Servire i fratelli è “grazia”. Spesso abbiamo sbagliato nel considerare il servizio una sorta di impegno o di compito, quasi si trattasse del biglietto da pagare per essere salvati. Tutto da rifare, è il contrario. Per il credente il servizio è “grazia”, è Cristo che ci ha “guardati”, ha posato su di noi il suo sguardo, e ci ha affidati i suoi fratelli. Ci ha considerati “degni”. La mentalità del mondo non ha sufficienti categorie per descrivere l’enormità di certe missioni. Pensiamo a quella dei genitori. Sempre più spesso si sente parlare di “diritti”: diritto ad avere un figlio, ad adottare un figlio, ad avere uno o due genitori… E si perde di vista, in tal modo, tutta la carica di gratuita elezione insita in un “servizio” da rendere nei confronti della persona umana, verso la quale non potrò mai campare diritti. La persona umana è irriducibile alle mie esigenze, alle mie soddisfazioni, alle mie ambizioni.

La grazia – come dono per un servizio – ci rivela che nessuno ci appartiene e si appartiene completamente e che esiste sempre un margine di “cose ricevute” verso le quali nessuno può rivendicare nulla.

Misericordiando

Il gerundio inesistente scelto da Papa Francesco per tradurre quello latino, arricchisce di nuovi significati la nostra comprensione del brano evangelico. Se non ricordo male il film “Gesù di Nazareth” di Zeffirelli, il regista colloca nella scena del pasto con i peccatori un tenerissimo sguardo di Gesù rivolto a Pietro. Il buon Pietro è interdetto. Lui è pio ebreo, la chiamata di Matteo lo ha sicuramente interrogato: mettersi a fianco di un pubblicano! E il Signore accetta l’invito a pranzo, mangia con i peccatori: sconvolgente. Pietro non entra, resta sulla porta. Nel film a lui si avvicinano i farisei e a lui chiedono il motivo per cui il Maestro mangia con i peccatori. La tentazione si fa presente così a Pietro: se davvero quello è il Maestro, il Santo, il Signore non può, non può mescolarsi con i peccatori.

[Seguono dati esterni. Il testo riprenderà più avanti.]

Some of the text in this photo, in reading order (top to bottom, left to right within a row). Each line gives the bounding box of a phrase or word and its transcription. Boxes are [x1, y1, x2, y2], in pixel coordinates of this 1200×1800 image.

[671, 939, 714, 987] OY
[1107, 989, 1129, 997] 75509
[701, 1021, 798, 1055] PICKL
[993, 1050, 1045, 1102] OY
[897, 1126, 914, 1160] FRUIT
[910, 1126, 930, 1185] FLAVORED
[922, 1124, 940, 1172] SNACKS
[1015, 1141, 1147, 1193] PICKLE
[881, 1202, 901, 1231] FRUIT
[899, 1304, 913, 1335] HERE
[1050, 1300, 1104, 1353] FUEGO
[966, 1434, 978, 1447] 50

Pare che Gesù, pur stando in fondo alla stanza, abbia sentito quelle parole. Lui comincia a parlare, le voci si abbassano: Misericordia io voglio e non sacrificio… non sono i sani che hanno bisogno del medico, ma i malati. A quel punto i due sguardi quello di Gesù e quello di Pietro si incontrano, a Pietro spuntano le lacrime agli occhi ed infine anche lui entra per far festa.

Questo è “misericordiando”. Incrociare uno sguardo che non giudica, non rimprovera, non si altera, sereno e benigno, che sa tirare fuori da ogni persona il meglio che possiede, che sa sciogliere i legami, curare le ferite, pacificare, fortificare. Uno sguardo che perdona, certo, ma va oltre il perdono. Raggiunge i cuori, anche quelli più corazzati, per scavare dentro di loro e deporre un germe di abbandono e di felicità.